=== Exercise directions ===
Copy each line of the data below, character for character.

Collected data:
***

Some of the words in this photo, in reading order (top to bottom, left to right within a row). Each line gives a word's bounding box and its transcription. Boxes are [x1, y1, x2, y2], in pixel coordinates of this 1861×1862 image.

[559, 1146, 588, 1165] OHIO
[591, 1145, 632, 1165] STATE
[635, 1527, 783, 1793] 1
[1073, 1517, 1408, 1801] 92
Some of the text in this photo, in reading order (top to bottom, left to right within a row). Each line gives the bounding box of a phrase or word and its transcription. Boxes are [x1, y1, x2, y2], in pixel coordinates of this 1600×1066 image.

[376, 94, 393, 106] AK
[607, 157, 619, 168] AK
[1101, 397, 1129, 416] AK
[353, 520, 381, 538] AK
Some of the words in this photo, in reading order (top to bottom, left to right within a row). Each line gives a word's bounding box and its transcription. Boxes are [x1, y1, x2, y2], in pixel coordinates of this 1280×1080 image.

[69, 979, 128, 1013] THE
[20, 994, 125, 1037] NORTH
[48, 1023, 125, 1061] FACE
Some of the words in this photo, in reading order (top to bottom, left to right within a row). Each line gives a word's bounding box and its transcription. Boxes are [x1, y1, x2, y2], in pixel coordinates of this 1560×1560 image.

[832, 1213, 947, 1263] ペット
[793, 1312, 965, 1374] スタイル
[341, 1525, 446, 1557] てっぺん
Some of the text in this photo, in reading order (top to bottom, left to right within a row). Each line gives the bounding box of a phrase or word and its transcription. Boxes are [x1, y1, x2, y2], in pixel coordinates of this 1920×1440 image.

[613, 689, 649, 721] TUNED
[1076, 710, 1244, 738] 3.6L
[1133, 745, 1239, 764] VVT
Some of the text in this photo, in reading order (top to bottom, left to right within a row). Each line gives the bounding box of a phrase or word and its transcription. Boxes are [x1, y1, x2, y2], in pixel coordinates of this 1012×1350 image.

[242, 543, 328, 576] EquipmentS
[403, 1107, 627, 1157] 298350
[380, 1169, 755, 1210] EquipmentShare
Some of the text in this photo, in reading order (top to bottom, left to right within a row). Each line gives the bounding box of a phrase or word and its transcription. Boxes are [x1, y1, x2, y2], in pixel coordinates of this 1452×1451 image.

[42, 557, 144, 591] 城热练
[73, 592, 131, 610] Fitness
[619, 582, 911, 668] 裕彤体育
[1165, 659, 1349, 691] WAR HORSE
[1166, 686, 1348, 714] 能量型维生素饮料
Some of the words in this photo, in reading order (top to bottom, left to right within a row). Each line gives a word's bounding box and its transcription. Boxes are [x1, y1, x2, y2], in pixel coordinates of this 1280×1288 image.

***

=== Result for this task ===
Some of the words in this photo, in reading order (top to bottom, left to right within a row). Each line gives a word's bounding box and its transcription. Boxes are [x1, y1, x2, y2], in pixel coordinates of this 1861×1862 image.

[559, 1146, 588, 1165] OHIO
[591, 1145, 632, 1165] STATE
[635, 1527, 783, 1793] 1
[1073, 1517, 1408, 1801] 92
Some of the text in this photo, in reading order (top to bottom, left to right within a row). Each line gives the bounding box of a phrase or word and its transcription. Boxes are [x1, y1, x2, y2], in pixel coordinates of this 1600×1066 image.

[376, 94, 393, 106] AK
[607, 157, 619, 168] AK
[1101, 397, 1129, 416] AK
[353, 520, 381, 538] AK
Some of the words in this photo, in reading order (top to bottom, left to right within a row). Each line gives a word's bounding box and its transcription. Boxes are [x1, y1, x2, y2], in pixel coordinates of this 1280×1080 image.

[69, 979, 128, 1013] THE
[20, 994, 125, 1037] NORTH
[48, 1023, 125, 1061] FACE
Some of the words in this photo, in reading order (top to bottom, left to right within a row). Each line gives a word's bounding box and its transcription. Boxes are [x1, y1, x2, y2], in pixel coordinates of this 1560×1560 image.

[832, 1213, 947, 1263] ペット
[793, 1312, 965, 1374] スタイル
[341, 1525, 446, 1557] てっぺん
Some of the text in this photo, in reading order (top to bottom, left to right within a row). Each line gives the bounding box of a phrase or word and its transcription. Boxes are [x1, y1, x2, y2], in pixel coordinates of this 1920×1440 image.

[613, 689, 649, 721] TUNED
[1076, 710, 1244, 738] 3.6L
[1133, 745, 1239, 764] VVT
Some of the text in this photo, in reading order (top to bottom, left to right within a row). Each line gives the bounding box of a phrase or word and its transcription. Boxes are [x1, y1, x2, y2], in pixel coordinates of this 1012×1350 image.

[242, 543, 328, 576] EquipmentS
[403, 1107, 627, 1157] 298350
[380, 1169, 755, 1210] EquipmentShare
Some of the text in this photo, in reading order (top to bottom, left to right within a row). Each line gives the bounding box of a phrase or word and its transcription. Boxes are [x1, y1, x2, y2], in pixel coordinates of this 1452×1451 image.

[42, 557, 144, 591] 城热练
[73, 592, 131, 610] Fitness
[619, 582, 911, 668] 裕彤体育
[1165, 659, 1349, 691] WAR HORSE
[1166, 686, 1348, 714] 能量型维生素饮料
Some of the words in this photo, in reading order (top to bottom, left to right within a row). Each line gives a word's bounding box and its transcription. Boxes are [x1, y1, x2, y2], in pixel coordinates of this 1280×1288 image.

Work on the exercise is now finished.